Recently, I saw someone post about visualizing their DNA match network. They were doing this as a service. You would order a visualization and they would build one for you and send it to you for a nominal fee. It sounded and looked awesome. I noticed they were using an open source program, so I thought to myself, if they can do it, so can I. So, that’s what I did…for the most part.
The open source program is called Gephi and it’s described as the leading visualization and exploration software for all kinds of graphs and networks. And first glance it can seem scary and overwhelming, and it is in some respects. In my job and on my own time, I’ve worked a lot with sets of data; organizing them, analyzing them, morphing them to work in another way, etc. This seemed like something I could do.
Finding the Data
The first issue was figuring out how to get my match data into a format that the software needed. I first tried to get all of my match data exported from Genome Mate Pro, which I was able to do. I just don’t know how to massage it into what I need, yet, at least not without a lot of manual work. So, then I looked at some of the files that are created when I run DNAGedcom to get my match info for GMP. The Ancestry DNA files looked good. They had mostly what I needed. I had to do some minor changes to the files, but overall it worked.
After a bit of a learning curve and some Googling, I was able to get a pretty decent looking network visualization of (most of) my Ancestry DNA matches. I say most since I’m not completely sure if I have all of the connections included. Here is the final visualization, without the names.
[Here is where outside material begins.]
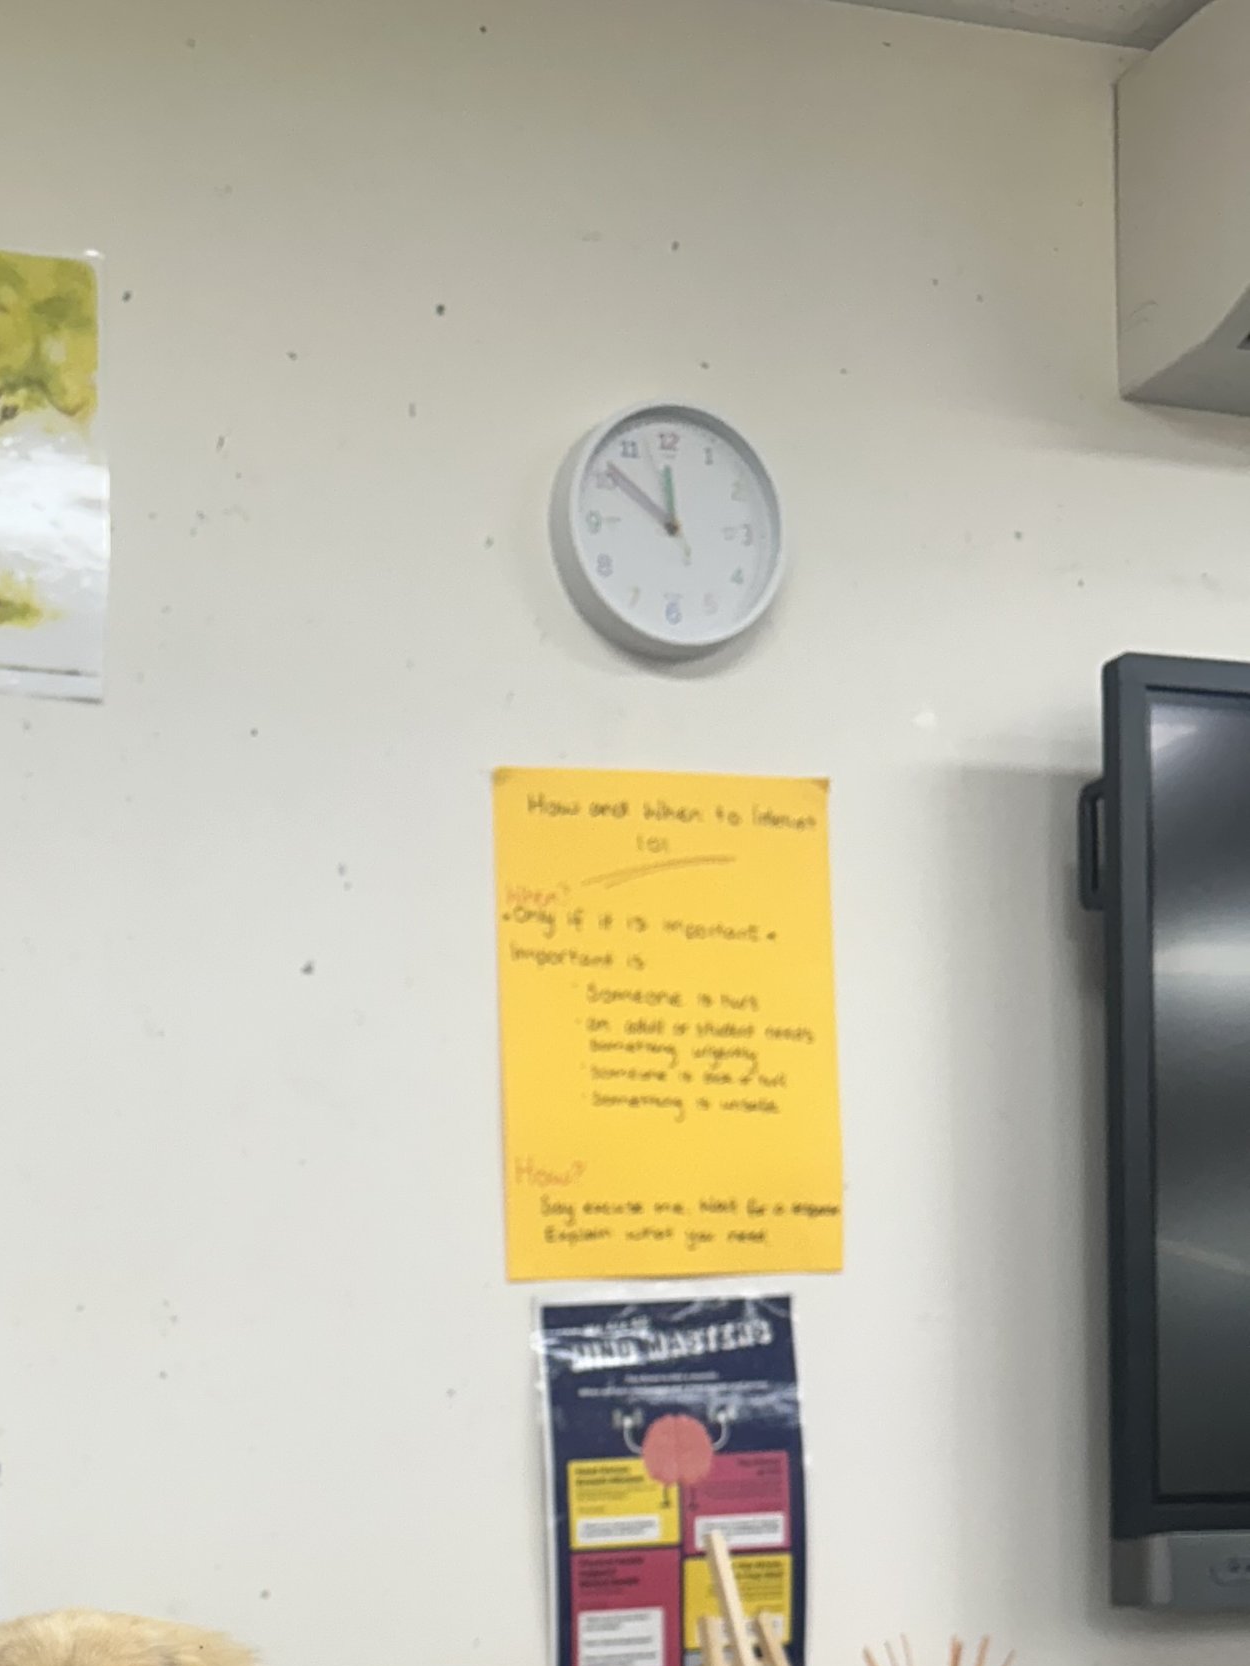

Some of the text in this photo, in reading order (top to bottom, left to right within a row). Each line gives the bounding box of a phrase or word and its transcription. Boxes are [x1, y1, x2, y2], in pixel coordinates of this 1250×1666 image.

Here is a quick overview. The size of the circles are based on how many centimorgans (cMs) I share with my match and it also shows how closely related we are. This graph only includes matches with more than 20 cMs, so about 4th cousins or so. I color-coded a few of the major lines that I knew based on the match. I am the large white circle in the center. My mother is the large yellow circle at the bottom.
The purple-ish group at the top is from my Corrigan line as the larger one is my father’s cousin. The red group at the left, I think, is a collection of Polish matches. The small teal group under the red is my Thielke line as the larger teal circle is my mom’s cousin. The pinkish group under that one is my Van Price/Van Parijs Dutch side. The green and orange on the bottom right is mainly my mother’s French-Canadian matches. There are a lot of descendants from those original French immigrants as you can see by all of the inter-matching between them. The single pink circle above me is my one and only Zalewski match. You can see why that line is difficult to research. The rest of the randomly colored and white circles are either one-off matches or matches I have yet to organize.
My next steps are to not only analyze this graph to see if any odd connections pop out, but also to try to do this with my other data including 23andMe and/or Family Tree DNA. I am also going to try to do it with my Genome Mate Pro data as that has everything in one place, including GedMatch matches. Seeing the software take all of these matches, which are at first in one big blob, and organizing it into the graph above is cool to see as it moves around like it’s alive until it settles.